PROBLEM TO SOLVE:
This exercise needs the complete data reproduced exactly.

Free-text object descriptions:

.....

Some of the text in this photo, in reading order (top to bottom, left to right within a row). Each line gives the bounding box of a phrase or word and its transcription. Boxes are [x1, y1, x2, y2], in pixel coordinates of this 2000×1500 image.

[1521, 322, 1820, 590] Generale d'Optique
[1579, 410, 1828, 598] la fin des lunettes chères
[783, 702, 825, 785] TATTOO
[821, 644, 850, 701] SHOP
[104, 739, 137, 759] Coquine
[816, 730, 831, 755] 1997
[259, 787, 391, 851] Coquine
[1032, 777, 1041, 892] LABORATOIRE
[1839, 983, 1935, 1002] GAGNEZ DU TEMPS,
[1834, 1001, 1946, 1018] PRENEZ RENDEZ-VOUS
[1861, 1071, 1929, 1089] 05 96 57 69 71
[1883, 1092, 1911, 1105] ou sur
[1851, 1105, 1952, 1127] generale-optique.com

.....

EXPECTED ANSWER:
Some of the text in this photo, in reading order (top to bottom, left to right within a row). Each line gives the bounding box of a phrase or word and its transcription. Boxes are [x1, y1, x2, y2], in pixel coordinates of this 2000×1500 image.

[1521, 322, 1820, 590] Generale d'Optique
[1579, 410, 1828, 598] la fin des lunettes chères
[783, 702, 825, 785] TATTOO
[821, 644, 850, 701] SHOP
[104, 739, 137, 759] Coquine
[816, 730, 831, 755] 1997
[259, 787, 391, 851] Coquine
[1032, 777, 1041, 892] LABORATOIRE
[1839, 983, 1935, 1002] GAGNEZ DU TEMPS,
[1834, 1001, 1946, 1018] PRENEZ RENDEZ-VOUS
[1861, 1071, 1929, 1089] 05 96 57 69 71
[1883, 1092, 1911, 1105] ou sur
[1851, 1105, 1952, 1127] generale-optique.com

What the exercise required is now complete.